Possibly, the most misused word in the English language besides "change" is the word "mistake." Everything these days seems to be a "mistake." After all, everybody makes them. They can't be helped. So, by calling every transgression a "mistake," those engaged in all manner of egregious behavior stand ready to beg the public's forgiveness when they get caught. It is interesting just how willing the public is to equate the word "mistake" with the word "crime." The latest round of activities involving a certain congressman caught with his hand in the proverbial cookie jar has resulted in his admission to making "mistakes." It is as though this is enough of an explanation, and since everyone makes a mistake every now and then, we should move on and say, "There but by the grace of God go I." The members of the media are quick to point out that "mistakes" were made and that it is time to "move on." You get to move on after a mistake. I believe there should be more of a distinction between a mistake and a crime, or a mistake and a lie, or a mistake and a calculated act. A mistake is when you put on the wrong cuff link when going out. A mistake is when you forget to carry the 1, adding numbers together. A mistake is when you show up for a movie an hour before it starts.
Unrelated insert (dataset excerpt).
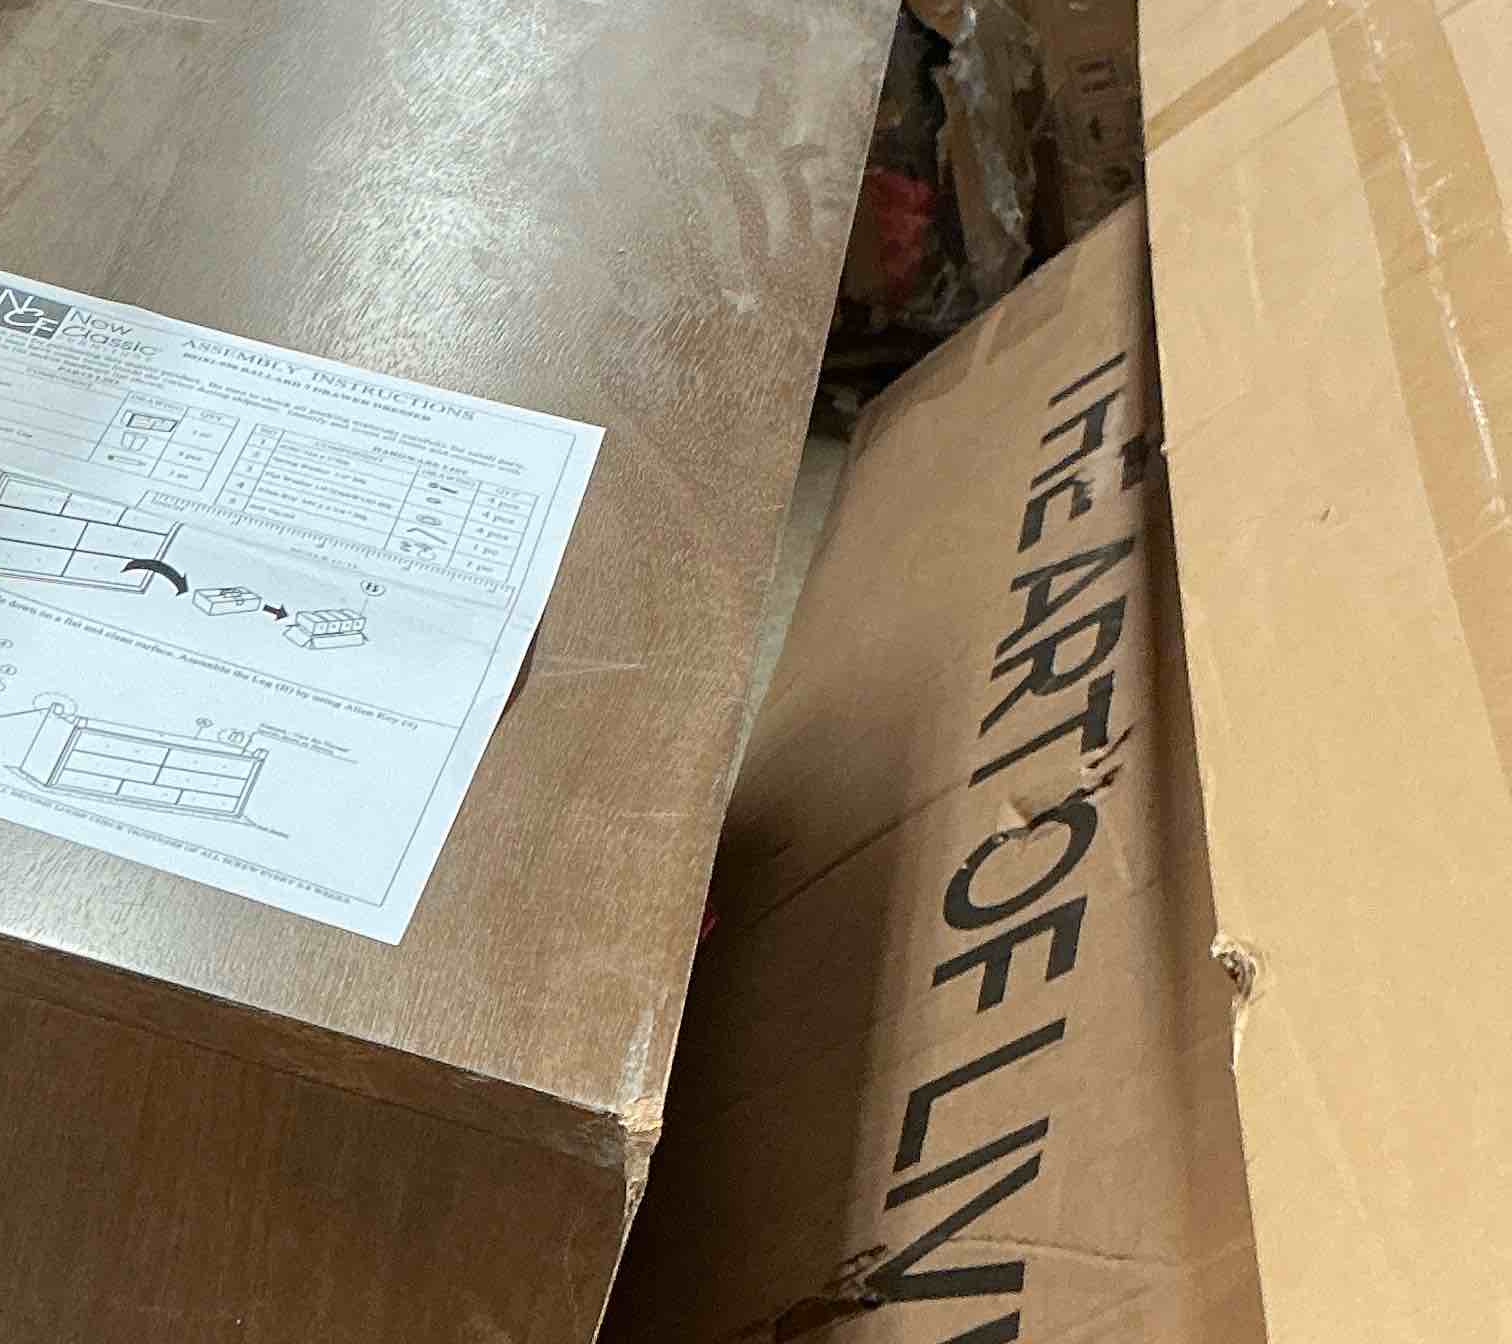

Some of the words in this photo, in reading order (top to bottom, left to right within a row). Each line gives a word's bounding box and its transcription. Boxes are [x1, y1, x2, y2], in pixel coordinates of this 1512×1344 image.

[181, 339, 296, 375] ASSEMBLY
[311, 371, 475, 421] INSTRUCTIONS
[968, 534, 1137, 788] ART
[930, 793, 1102, 1013] OF
It isn't a mistake when you lie to the police during a missing-person investigation. It isn't a mistake when you take money for an action and then perform the action for which you took the money. It isn't a mistake when you drive off with furniture that doesn't belong to you. It isn't a mistake when you cheat on your wife, or rather, the act isn't a mistake. The decision probably was. A mistake is an error, not an offense. A mistake is a blunder, not a transgression. A mistake is a gaffe, not a felony. Everyone makes mistakes; everyone doesn't commit felonies. Felons, at least the ones who are caught, shouldn't get to "move on." While changing the offending cuff link corrects the mistake, giving back the money doesn't erase the bank robbery. It is amazing to me that journalists – people who go to school in order to learn the intricacy of language – are the worst offenders. What is even more curious is their uneven application of that knowledge. I distinctly remember that Newt Gingrich committed sins and transgressions against his first wife, while Bill Clinton and Mr. Condit made mistakes. I may be mistaken, but it seems less a mistake than a calculated effort to lessen one person's complicity and heighten another's in an instance of the same type of lapsed behavior. Could it be bias?

As a people, our standards of education have been plunging like a barrel over a waterfall. As a result, we must be on the alert for the subtle use of language employed by reporters and pundits in the media to mislead us into thinking one man's actions somehow are less egregious than another's simply because the first offender shares the journalist's ideology.

A mistake is an innocent act that results in error. A crime is an immoral act that results in damage to a person, society or property. So let's stop making excuses for lawlessness and immorality by defining immoral and criminal activity as mistakes.